まずい、魔導師と距離を作ることは敗北に繋がることを理解しているカインは、即座に態勢を立て直し距離を詰めた。その間に宗一郎は地面に手を置き【鎌鼬】と5回唱えた。直後にカインの横薙ぎが宗一郎の首へと向かった。
「危ない、ソウイチロウ」ビットは目をつむった。
しかし絶叫や剣のかち合う音はなく、アリッサの「は?」という言葉でビットが目を開けると、立ち上がり手に付いた土を払っている宗一郎が見えた。剣を振るっていたカインの姿はどこにもなかった。
「どうなったの? ねぇ、どうなったの?」決定的瞬間を見ていなかったビットはリーザへと問いかけた。「……カインさんが消えました」リーザは呟く。リーザも現状を把握しきれていなかった。アリッサも同様である。
「落ちた?」唯一カインがどうなったかが見えたキャスカが呟く。キャスカは足場を失ったカインが垂直に地面の中に吸い込まれていったのが見えた。
「正解!」宗一郎が満面の笑みで答える。
宗一郎は【鎌鼬】で穴を掘った。四方を削り、底辺を削って、細長い穴を掘ったのだ。そうして切り取られた土を、カインが踏みしめた瞬間に空間魔法に収納した。空間魔法は生き物を収納できないため、土の中にいた虫達はカインと共に穴の底へと落下していた。穴は縦横2mで長さは20mである。底まで一直線で落下したカインは受け身もとれずしたたかに背中を打った。カインは苦痛に顔を歪めていた。
「おーい、聞こえるかー」
「グッ」
「負けを認めるなら何もしないが、認めないなら圧倒的有利なここから魔法を放つぞ」
「…………」
「【火炎放射器】」
宗一郎は脅しをかけるために威力の抑えた【火炎放射器】を放った。しかし真っ暗な穴の中にいるカインにとっては、突然炎が頭上から降り注いできて、どうすることもできず、衣服や髪が少し焦げた。
「おーい、返事しろ」
「…………」
「【竜巻】」
「ガハッ」
カインは火を消した後、密かに穴を登っていた。

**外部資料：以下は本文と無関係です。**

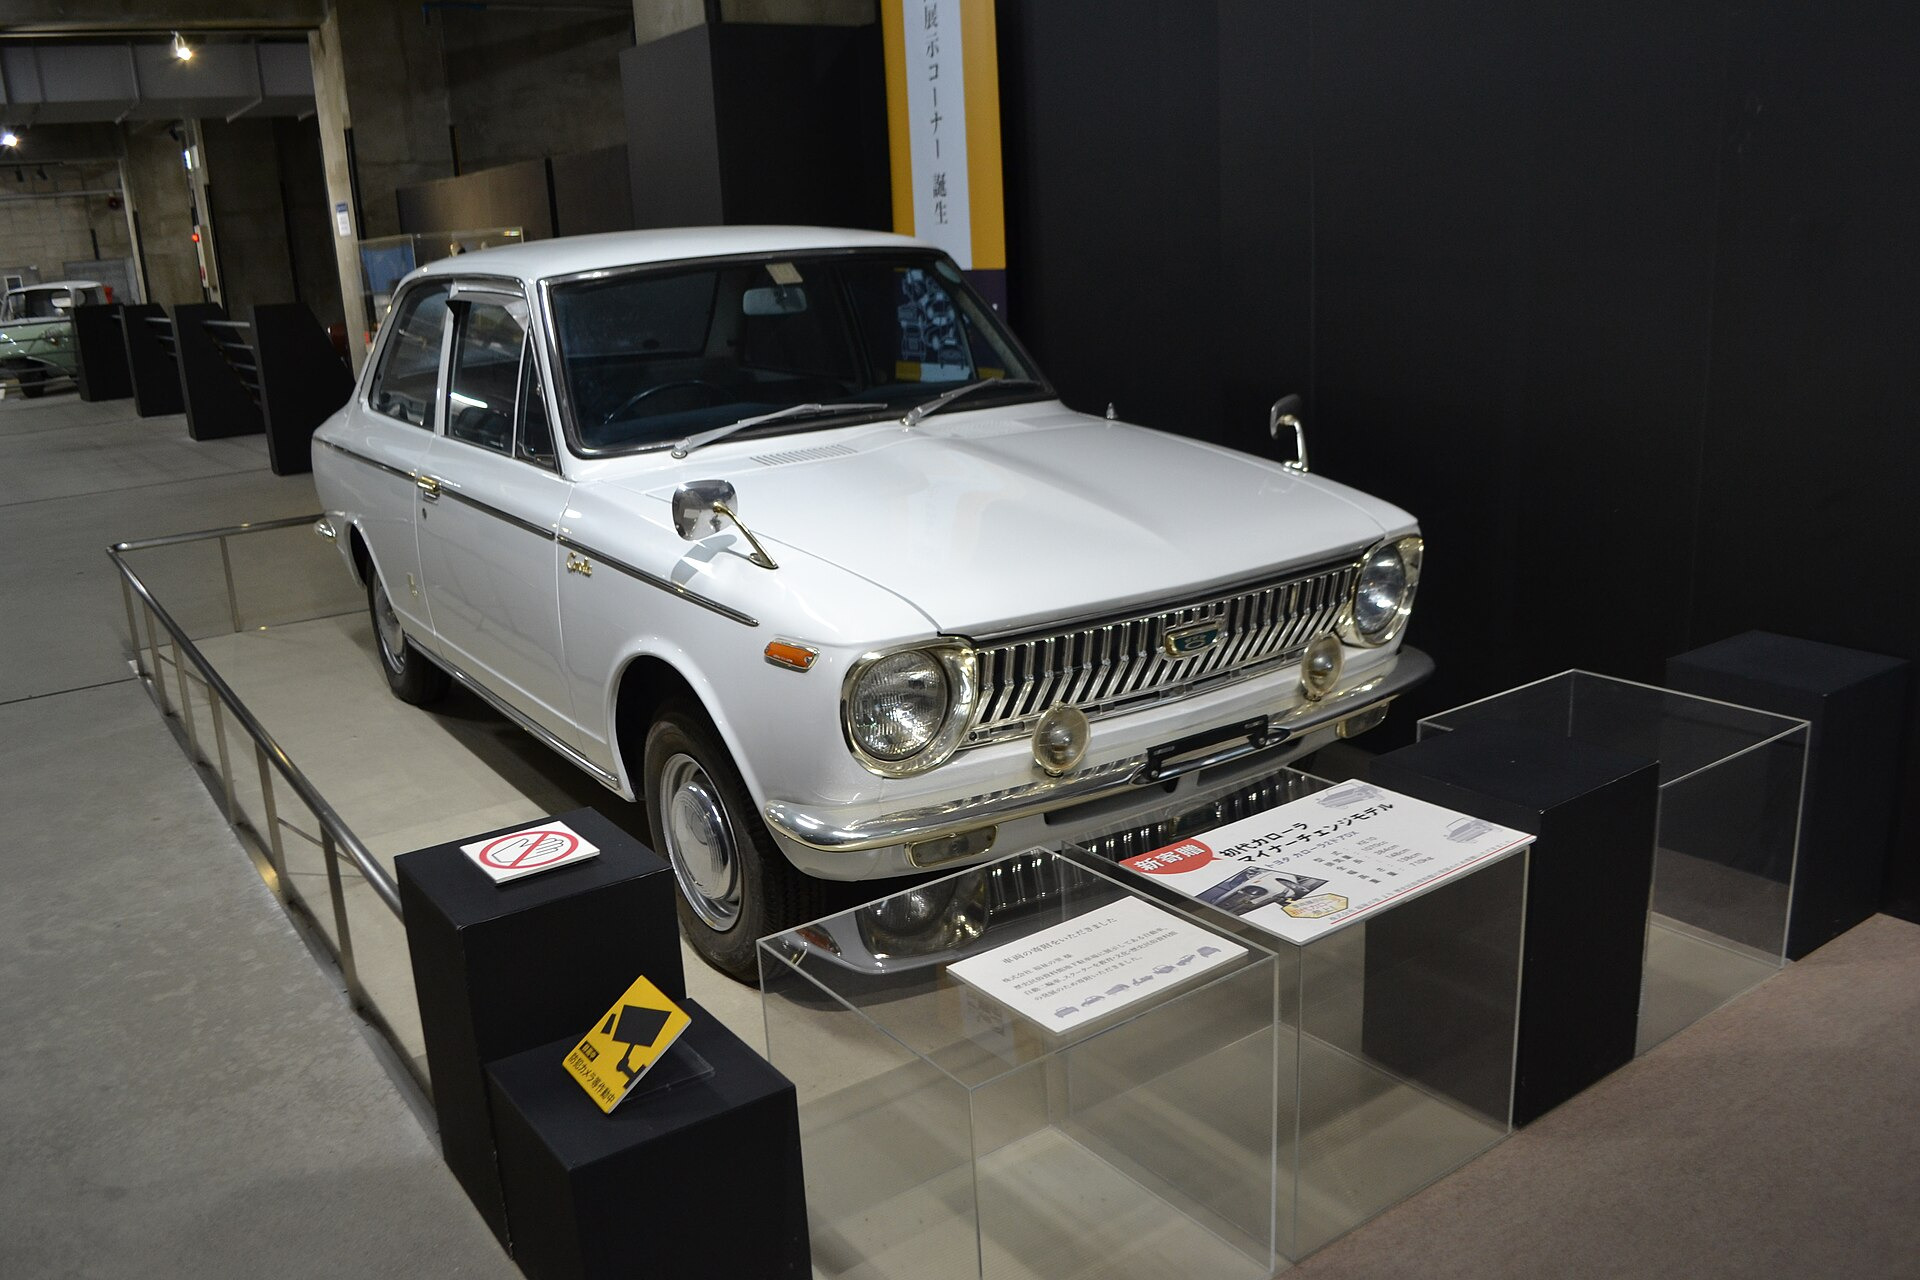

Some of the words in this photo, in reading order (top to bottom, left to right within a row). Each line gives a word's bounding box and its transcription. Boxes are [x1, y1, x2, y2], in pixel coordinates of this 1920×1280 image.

[923, 0, 943, 159] 展示コーナー
[932, 172, 948, 225] 誕生
[1132, 843, 1206, 872] 新寄贈
[1219, 821, 1310, 857] 初代カローラ
[1236, 801, 1394, 863] マイナーチェンジモデル

しかしそれを予想した宗一郎の風魔法によって、再度穴の底に叩きつけられた。
「返事は?」
「…………」
「これでも駄目か。キャスカ、1つ聞きたいことがある。【竜巻】」
「ガハッ」
「……なんだろうか?」
「カインの嫌いな物って何だ?」
「それは……」キャスカは言いよどんだ。そもそもこれは宗一郎とカインの決闘である。自分が口を挟んで良いものか。そう悩んでいた。
「【竜巻】」
「ガハッ」
だが宗一郎がなるべくカインに怪我を負わせないようにして、勝利しようとしていることを、キャスカは理解していた。そしてこの状況を打破する手がカインにないことも。
「【竜巻】」
「ガハッ」
自分が躊躇していてはカインの苦痛が増えるばかりである。キャスカは決してカインを嫌ってはいなかった。ちょっと粘着質なところはあるが、幼馴染でいつも自分を気にかけてくれる男である。キャスカはこの無益な勝負を終わらせるために、宗一郎の質問に答えることにした。
「カインの嫌いな物はーー」
「待ってくれ。負けを認めるからもうやめてくれ」
キャスカを遮ってオリジが敗北を認めた。
「お前が認めても……」
「仰る通りだ。俺が説得するからちょっと待っててくれ」と言い残したオリジは、宗一郎の開けた穴に飛び込んだ。そうして穴の底でカインと話し合った。その話し声が止むと、穴の底から弱々しい声でカインが負けを認めた。
不毛な戦いはここに幕を閉じた。